'''
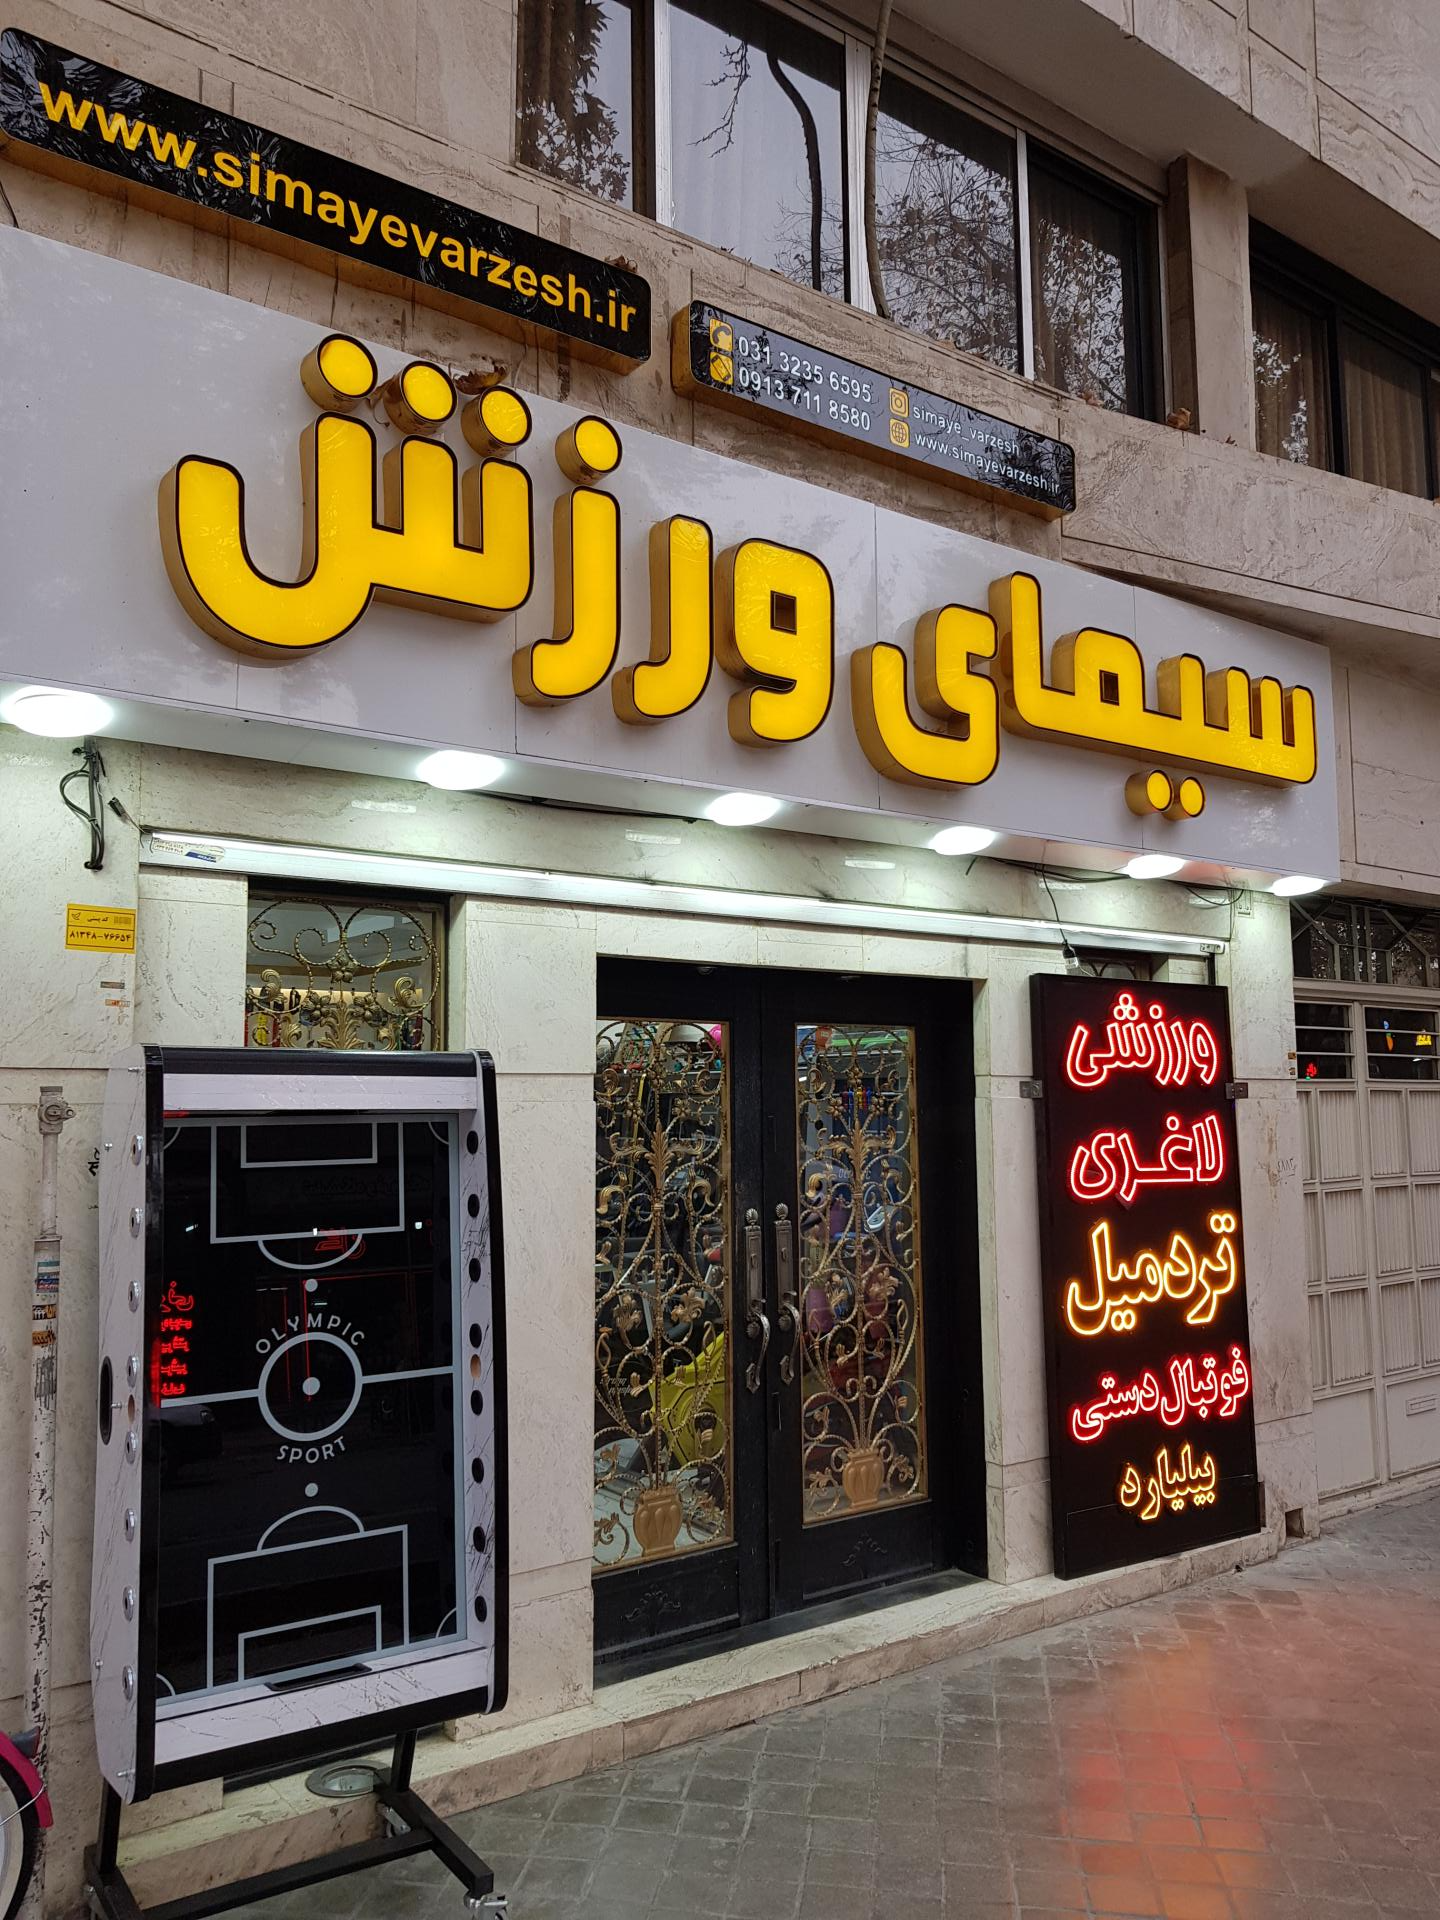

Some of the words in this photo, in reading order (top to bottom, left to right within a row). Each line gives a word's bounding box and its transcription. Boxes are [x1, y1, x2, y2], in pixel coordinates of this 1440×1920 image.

[38, 80, 638, 333] www.simayevarzesh.ir
[737, 334, 773, 366] 031
[779, 350, 825, 385] 3235
[829, 369, 873, 403] 6595
[738, 366, 786, 400] 0913
[791, 385, 823, 415] 711
[828, 399, 873, 432] 8580
[912, 403, 1021, 458] simaye_varzesh
[914, 433, 1062, 495] www.simayevarzesh.ir
[172, 334, 834, 744] ورزش
[866, 572, 1318, 818] سیمای
[1065, 991, 1220, 1088] ورزشی
[1068, 1112, 1227, 1203] لاغری
[1065, 1210, 1239, 1337] تردمیل
[255, 1313, 367, 1355] OLYMPIC
[1070, 1371, 1161, 1443] دستی
[1159, 1344, 1252, 1428] فوتبال
[276, 1436, 350, 1464] SPORT
[1119, 1442, 1217, 1522] بیلیارد
'''
Make an exact copy of every entry above, but keep the pictures out of it.

Answer to the problem ▸
Some of the words in this photo, in reading order (top to bottom, left to right within a row). Each line gives a word's bounding box and its transcription. Boxes are [x1, y1, x2, y2], in pixel coordinates of this 1440×1920 image.

[38, 80, 638, 333] www.simayevarzesh.ir
[737, 334, 773, 366] 031
[779, 350, 825, 385] 3235
[829, 369, 873, 403] 6595
[738, 366, 786, 400] 0913
[791, 385, 823, 415] 711
[828, 399, 873, 432] 8580
[912, 403, 1021, 458] simaye_varzesh
[914, 433, 1062, 495] www.simayevarzesh.ir
[172, 334, 834, 744] ورزش
[866, 572, 1318, 818] سیمای
[1065, 991, 1220, 1088] ورزشی
[1068, 1112, 1227, 1203] لاغری
[1065, 1210, 1239, 1337] تردمیل
[255, 1313, 367, 1355] OLYMPIC
[1070, 1371, 1161, 1443] دستی
[1159, 1344, 1252, 1428] فوتبال
[276, 1436, 350, 1464] SPORT
[1119, 1442, 1217, 1522] بیلیارد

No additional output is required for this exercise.